With Heston Gone, Move to Update 10 Commandments Grows
April 22, 2008PHILADELPHIA. For Bob Delmark, a mailroom employee at the American Law Institute, April 7th was different from a typical Monday at the offices of this organization dedicated to the improvement of the law. “Usually we get one plastic container that’s about half full,” he says, ”but when I walked in that morning I had two duffle bags of mail to sort through.”
The reason for the unusual volume of correspondence? “Charlton Heston died the Friday before,” says Michael Traynor, ALI President. “A lot of people were just waiting for him to kick off so they could propose amendments to the Ten Commandments.”

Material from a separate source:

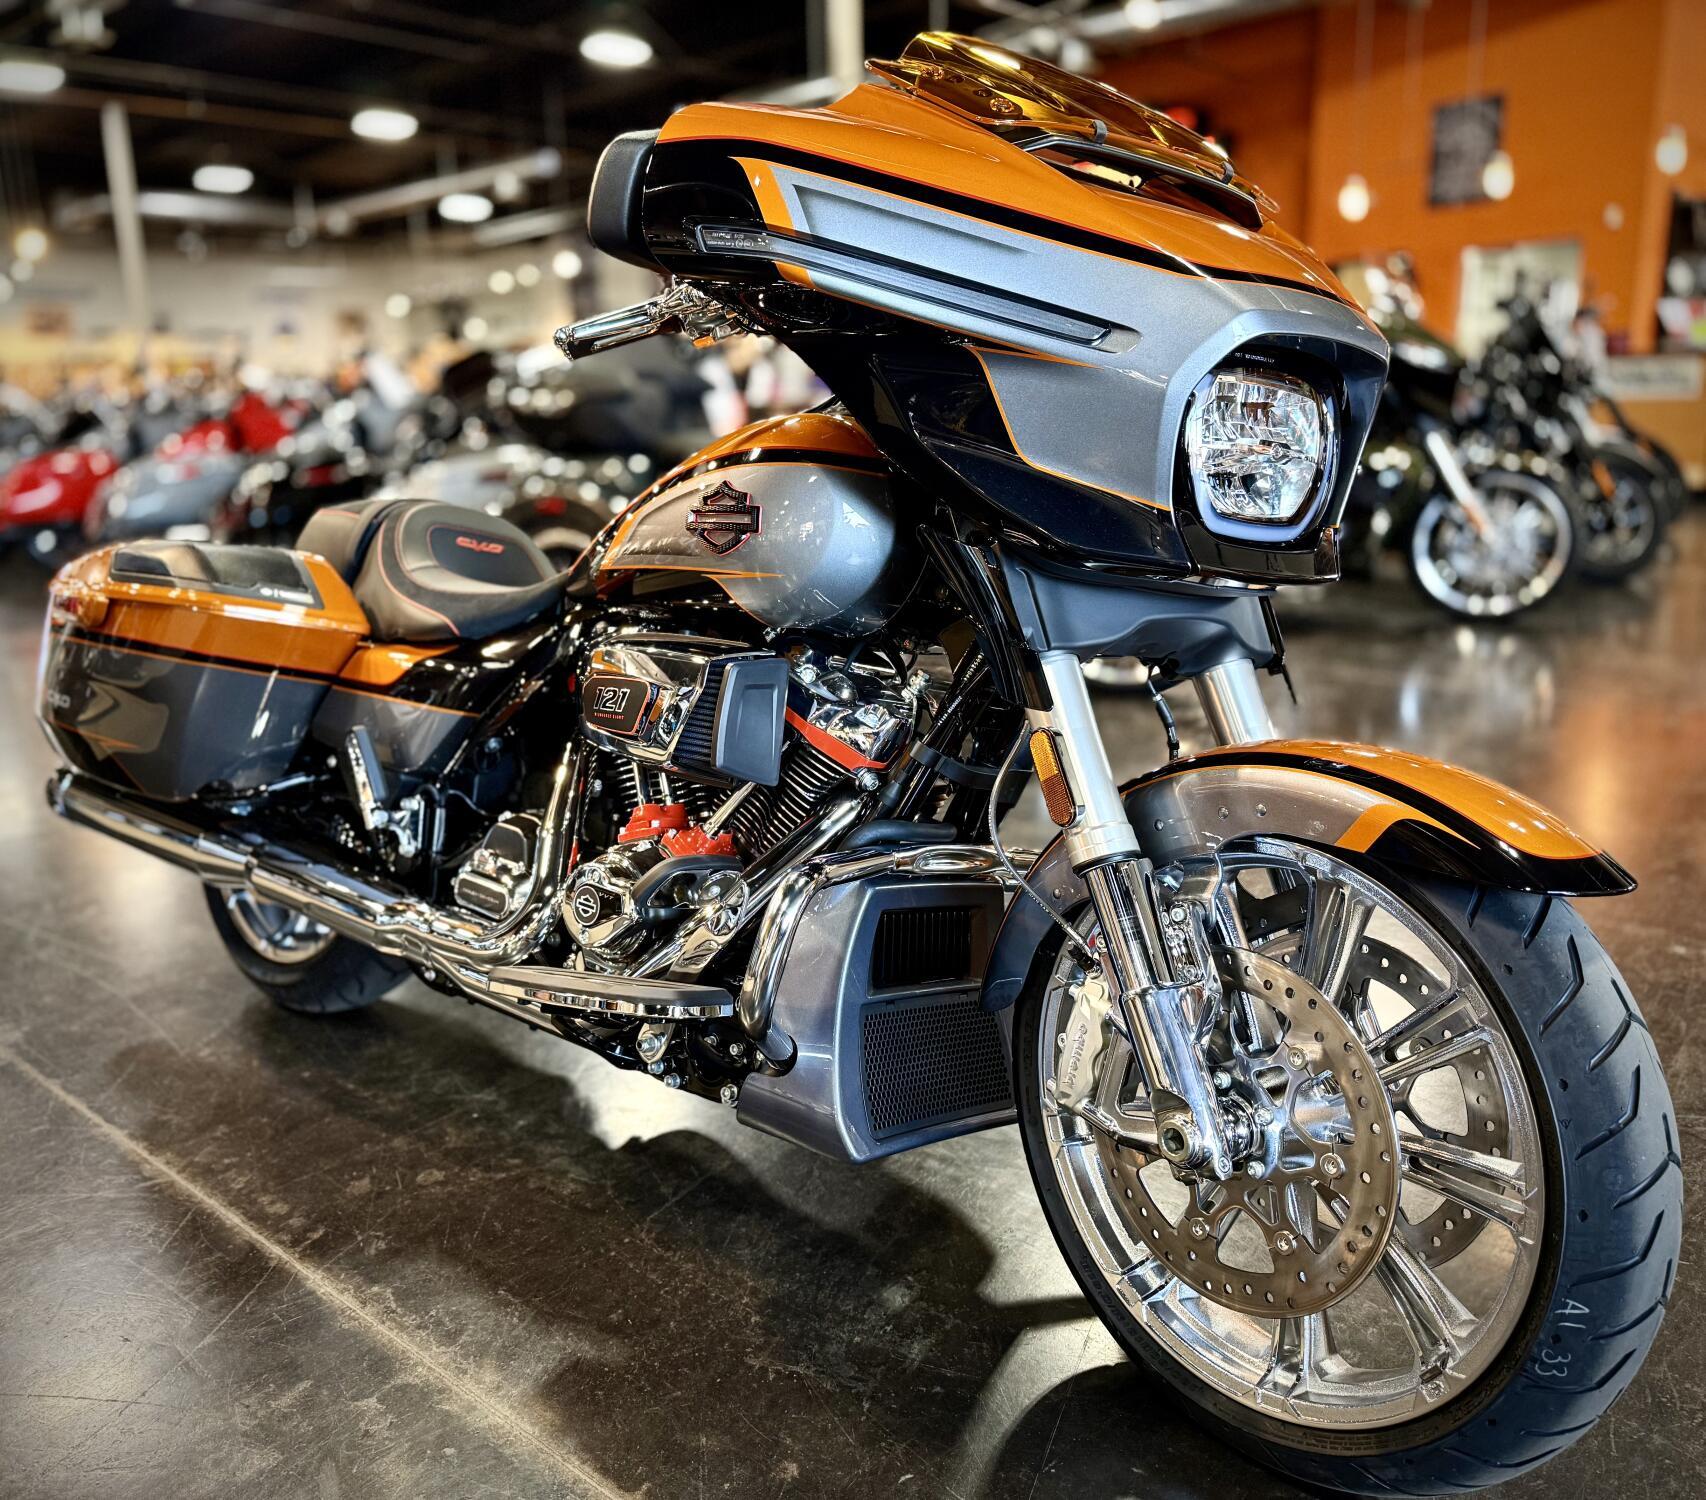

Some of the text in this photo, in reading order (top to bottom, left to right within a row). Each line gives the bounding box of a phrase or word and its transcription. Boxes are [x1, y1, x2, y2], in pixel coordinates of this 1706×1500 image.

[456, 536, 504, 554] CVO
[593, 686, 631, 712] 121
[1062, 1023, 1088, 1088] brembo

According to his entry on the Internet Movie Database (imdb.com), Heston wrote the Ten Commandments, the fundamental principles of the Judeo-Christian tradition, in 1956 during the filming of the Cecil B. DeMille classic of the same name. Prior to that time, society had been governed by a code of “Anything Goes”, a 1934 song written by Cole Porter that was made into a movie starring Bing Crosby and Donald O’Connor.
“In olden days an alligator was considered a lousy mate, now heaven knows–anything goes!”
“The Ten Commandments were fine for their time, but frankly, there’s a lot that could be cut, like the stuff about coveting,” says Arthur Marty, a professor of religion at Duquesne University. “Who gives a rat’s rear-end whether you have lust in your heart for your neighbor’s wife? It don’t matter where you get your appetite as long as you eat at home.”
Anatomical gift-giving: “A spleen! You’re so thoughtful!”
The ALI agreed to take on the project because they had just finished their best-selling “Restatement of the Law of Suretyship” and were looking for their next big hit. “We considered a revision of the Uniform Anatomical Gift Act,” says Traynor, “but too many people on the drafting committee got grossed out by the thought of it.”
The new Ten Commandments is already being criticized as “Decalogue Light” by fundamentalist ministers, who object to the elimination of commandments 9 and 10, the “coveting” commandments, and the substitution of the Google motto “Don’t be evil” for the first commandment, “I am the Lord thy God, thou shalt not have strange gods before me.” “That was a real turn-off for a lot of people,” said National Football League president Roger Goodell. “Frankly, who’s to say whether you get more from a Arizona Cardinals-Cleveland Browns game on Sunday or a boring sermon about the eternal fires of hell?”
The ALI says that despite the criticism it doesn’t consider its decision to get involved in the revision of a religious text to be sacrilegous. “I don’t know what everybody’s getting so upset about,” says Traynor. “It’s not like they were carved in stone.”